▶ _Aim of the task_:
Where a line in the listing contains the string "transcription", copy that line out.

▶ _Supplied material_:
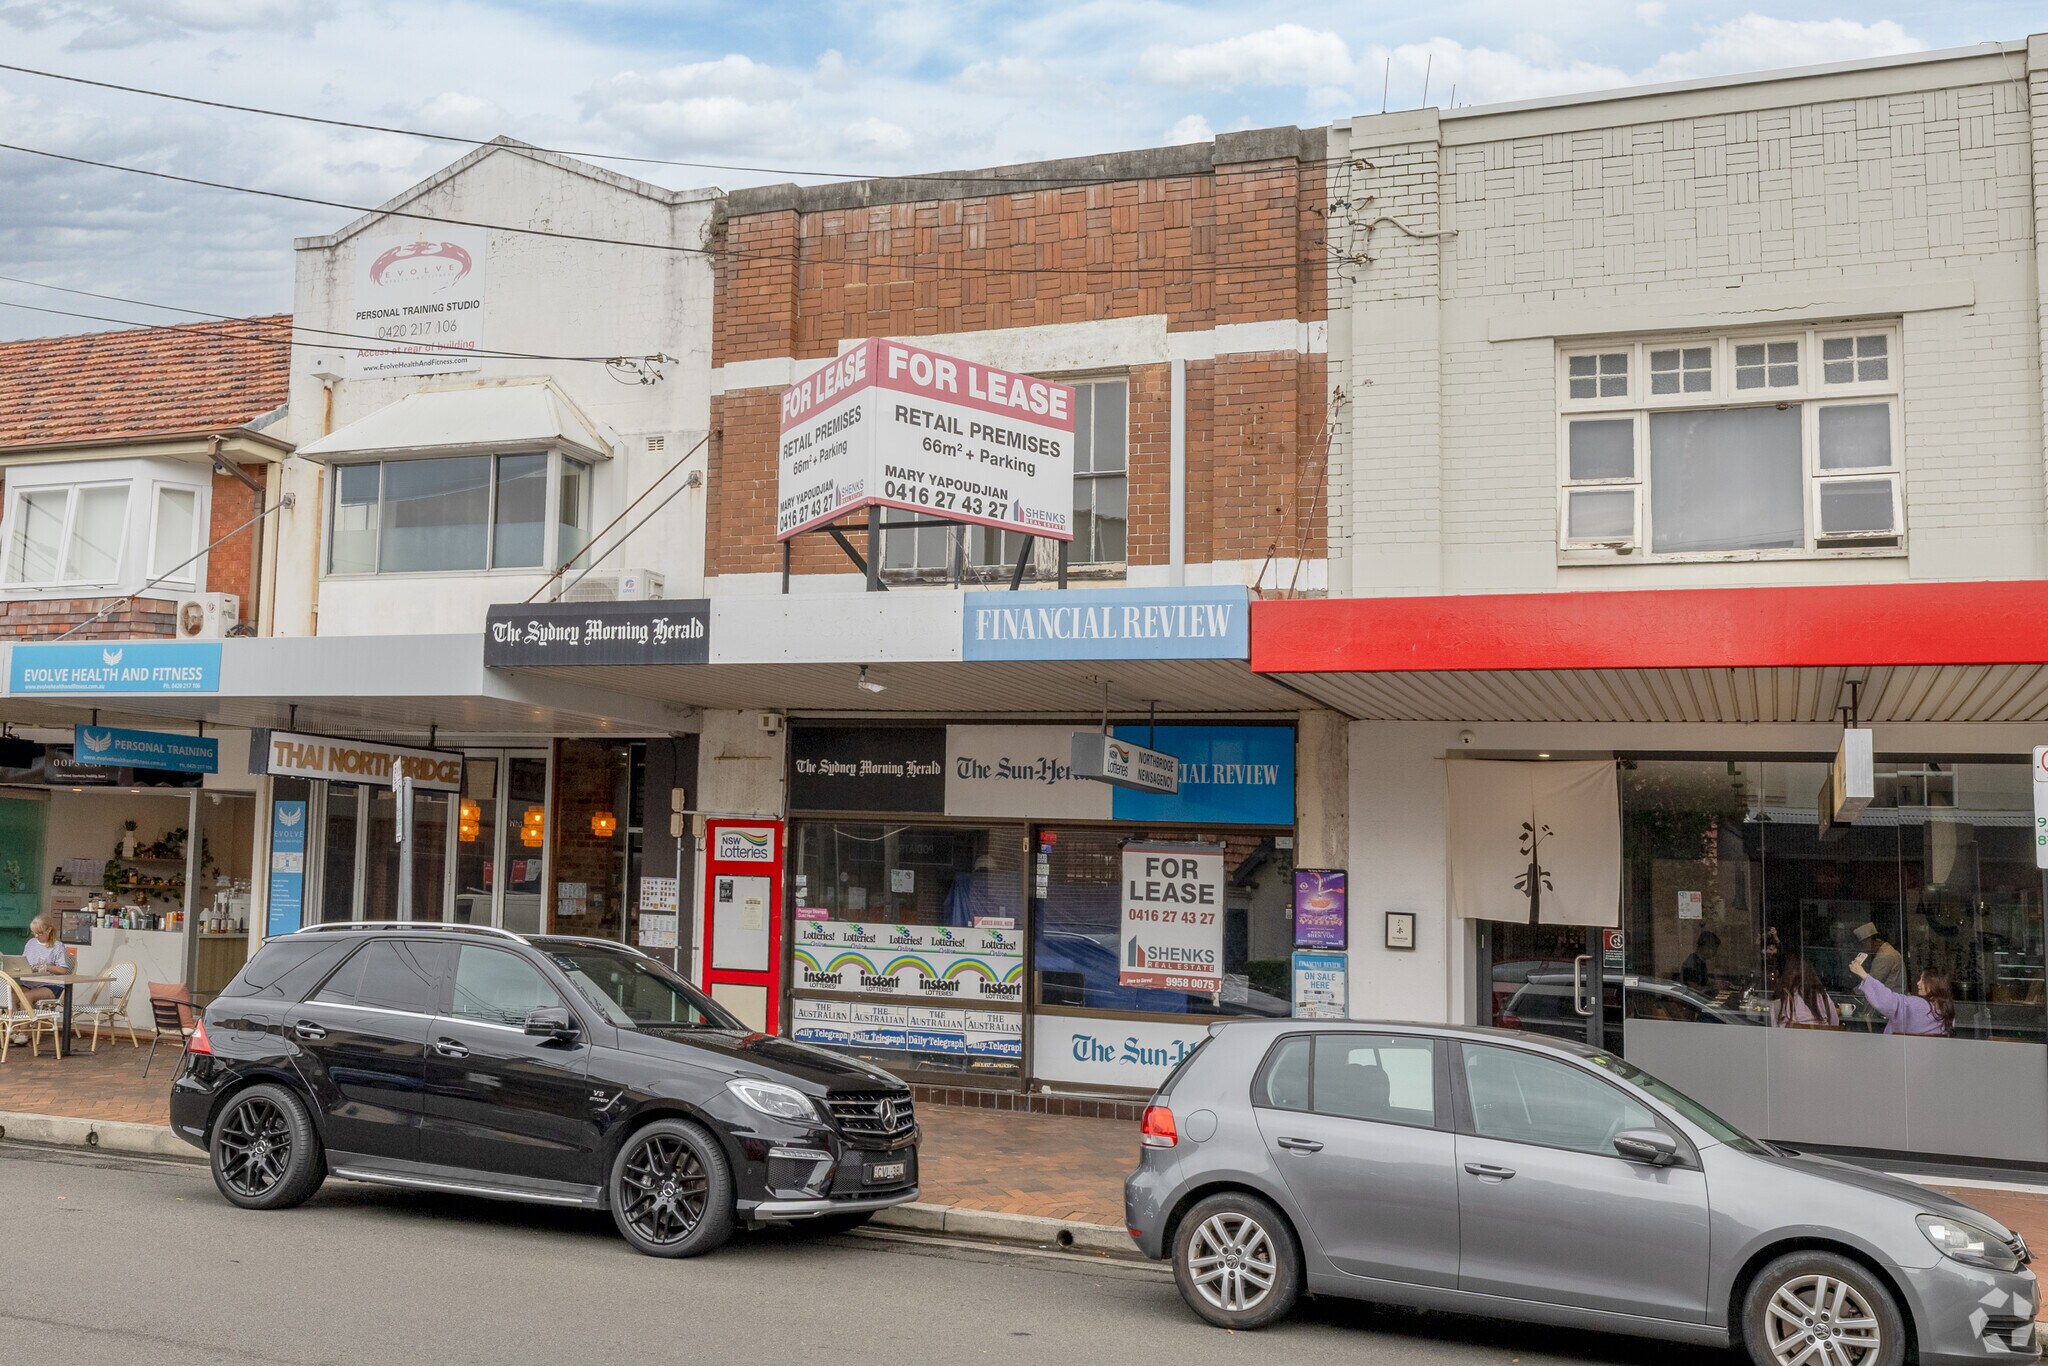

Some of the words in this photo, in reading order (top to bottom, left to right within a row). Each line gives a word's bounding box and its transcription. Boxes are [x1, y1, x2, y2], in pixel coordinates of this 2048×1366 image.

[385, 264, 455, 279] EVOLVE
[356, 307, 400, 320] PERSONAL
[402, 303, 444, 316] TRAINING
[446, 299, 480, 312] STUDIO
[378, 324, 407, 339] 0420
[410, 321, 432, 336] 217
[436, 318, 458, 333] 106
[357, 348, 389, 358] Access
[391, 347, 401, 355] at
[403, 344, 423, 354] rear
[425, 342, 436, 352] of
[437, 339, 475, 351] building
[363, 357, 468, 372] www.EvolveHealthAndFitness.com
[782, 381, 812, 424] FOR
[815, 345, 867, 402] LEASE
[888, 346, 958, 394] FOR
[968, 366, 1069, 421] LEASE
[783, 432, 813, 461] RETAIL
[815, 404, 862, 441] PREMISES
[895, 404, 964, 436] RETAIL
[969, 422, 1062, 459] PREMISES
[819, 439, 848, 463] Parking
[966, 450, 974, 461] +
[980, 448, 1036, 477] Parking
[841, 479, 865, 498] SHENKS
[884, 464, 924, 483] MARY
[929, 474, 1009, 501] YAPOUDJIAN
[780, 495, 795, 514] MARY
[795, 479, 834, 506] YAPOUDJIAN
[884, 480, 930, 506] 0416
[935, 491, 956, 510] 27
[961, 496, 983, 516] 43
[988, 500, 1009, 520] 27
[779, 511, 798, 533] 0416
[799, 505, 810, 524] 27
[811, 501, 822, 519] 43
[823, 493, 834, 514] 27
[1025, 507, 1066, 525] SHENKS
[976, 606, 1117, 640] FINANCIAL
[1121, 603, 1233, 639] REVIEW
[493, 620, 521, 646] The
[523, 620, 579, 646] Sydney
[584, 618, 649, 645] Morning
[652, 617, 704, 645] Herald
[24, 668, 69, 682] EVOLVE
[72, 668, 119, 682] HEALTH
[121, 667, 149, 681] AND
[152, 667, 203, 681] FITNESS
[114, 739, 165, 754] PERSONAL
[168, 744, 213, 758] TRAINING
[1109, 750, 1118, 760] NSW
[274, 740, 324, 770] THAI
[328, 746, 461, 784] NORTHBRIDGE
[796, 759, 817, 775] The
[818, 759, 856, 777] Sydney
[859, 759, 904, 777] Morning
[906, 760, 941, 778] Herald
[956, 756, 992, 780] The
[994, 757, 1097, 785] Sun-Her
[1107, 758, 1129, 778] Lotteries
[1138, 751, 1174, 772] NORTHBRIDGE
[1137, 768, 1173, 788] NEWSAGENCY
[1212, 764, 1279, 785] REVIEW
[274, 829, 304, 838] EVOLVE
[722, 837, 741, 845] NSW
[720, 845, 768, 859] Lotteries
[1146, 857, 1199, 879] FOR
[1130, 880, 1215, 905] LEASE
[1128, 908, 1159, 922] 0416
[1162, 910, 1177, 923] 27
[1181, 911, 1196, 924] 43
[1200, 912, 1215, 925] 27
[803, 930, 835, 941] Lotteries!
[843, 932, 876, 943] Lotteries!
[889, 935, 922, 945] Lotteries!
[931, 937, 965, 948] Lotteries!
[981, 940, 1016, 950] Lotteries!
[1148, 946, 1215, 963] SHENKS
[1147, 961, 1172, 969] REAL
[1177, 963, 1214, 972] ESTATE
[1298, 960, 1322, 968] FINANCIAL
[804, 966, 843, 984] instant
[860, 970, 900, 988] instant
[919, 973, 960, 991] instant
[1166, 977, 1189, 987] 9958
[1191, 979, 1214, 989] 0075
[1304, 972, 1315, 980] ON
[1317, 973, 1336, 981] SALE
[809, 982, 836, 990] LOTTERIES!
[979, 976, 1021, 995] instant
[1311, 981, 1330, 989] HERE
[798, 1009, 847, 1020] AUSTRALIAN
[854, 1012, 905, 1024] AUSTRALIAN
[872, 1007, 888, 1015] THE
[929, 1010, 945, 1018] THE
[987, 1014, 1004, 1022] THE
[910, 1016, 962, 1028] AUSTRALIAN
[967, 1020, 1022, 1032] AUSTRALIAN
[815, 1028, 848, 1041] Telegraph
[870, 1032, 905, 1046] Telegraph
[908, 1035, 928, 1047] Daily
[928, 1037, 964, 1050] Telegraph
[1072, 1033, 1116, 1063] The
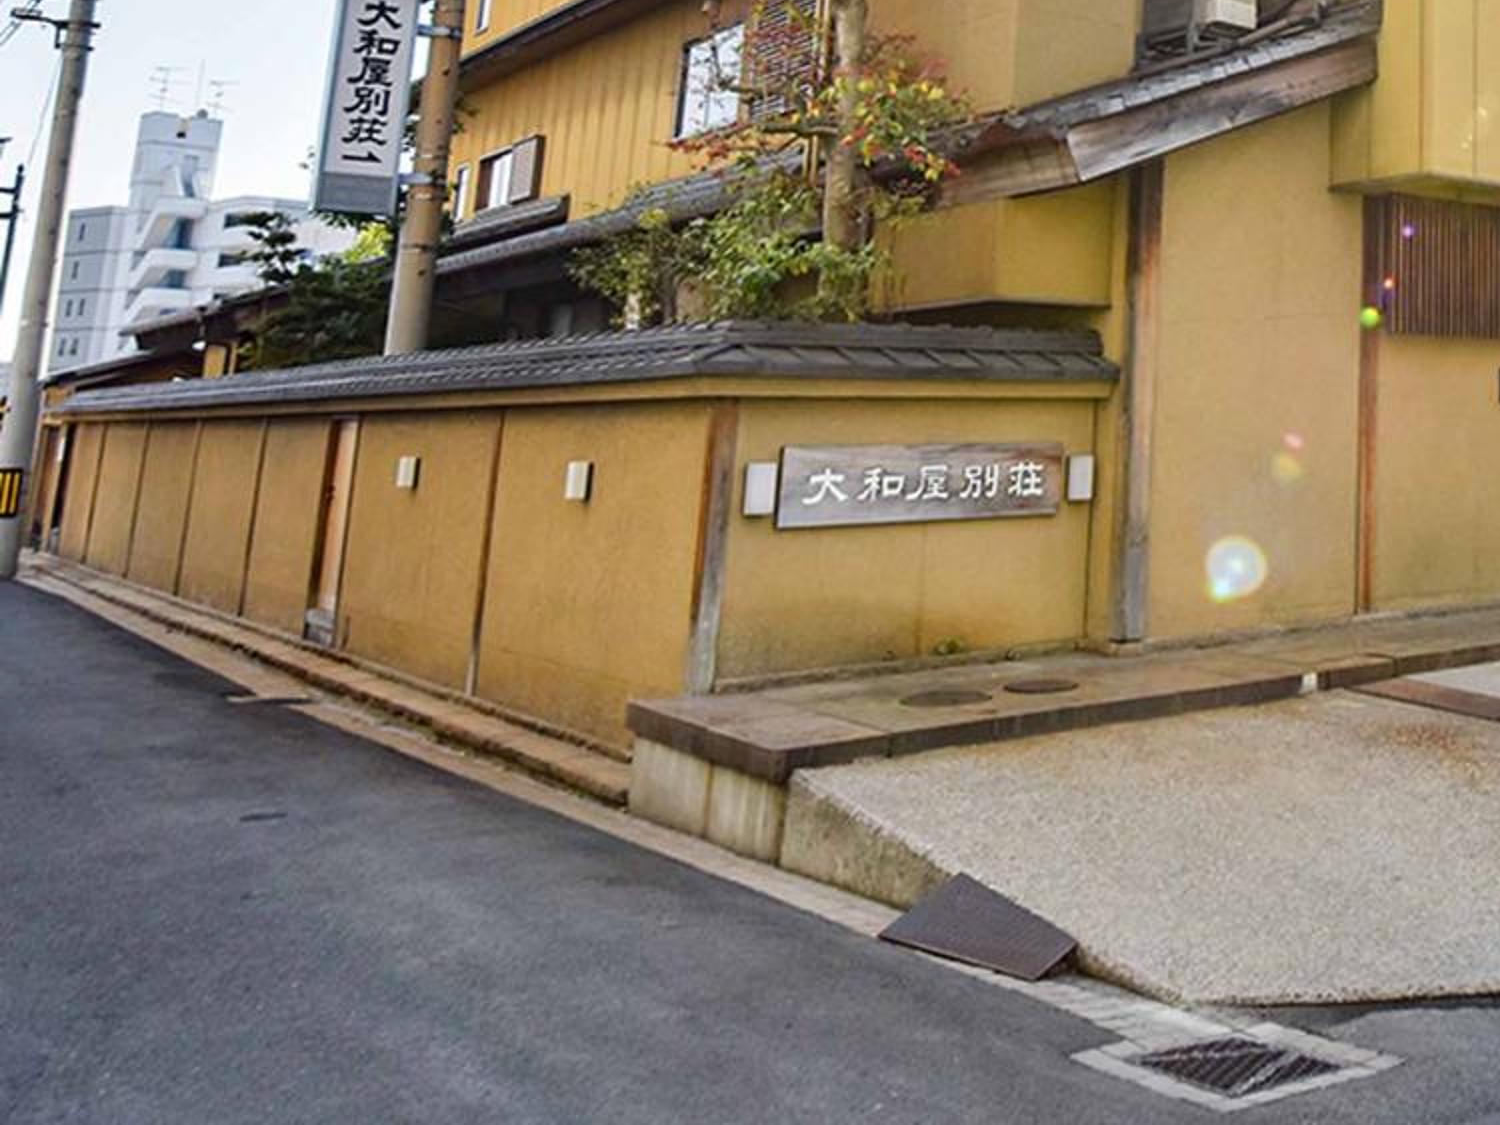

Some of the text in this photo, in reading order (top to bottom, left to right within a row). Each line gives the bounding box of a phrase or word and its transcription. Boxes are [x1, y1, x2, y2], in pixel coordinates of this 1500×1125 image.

[341, 0, 402, 146] 大和屋別荘
[802, 461, 1045, 505] 大和屋別荘

▶ _Output for this exercise_:
Some of the words in this photo, in reading order (top to bottom, left to right within a row). Each line gives a word's bounding box and its transcription. Boxes are [x1, y1, x2, y2], in pixel coordinates of this 2048×1366 image.
Some of the text in this photo, in reading order (top to bottom, left to right within a row). Each line gives the bounding box of a phrase or word and its transcription. Boxes are [x1, y1, x2, y2], in pixel coordinates of this 1500×1125 image.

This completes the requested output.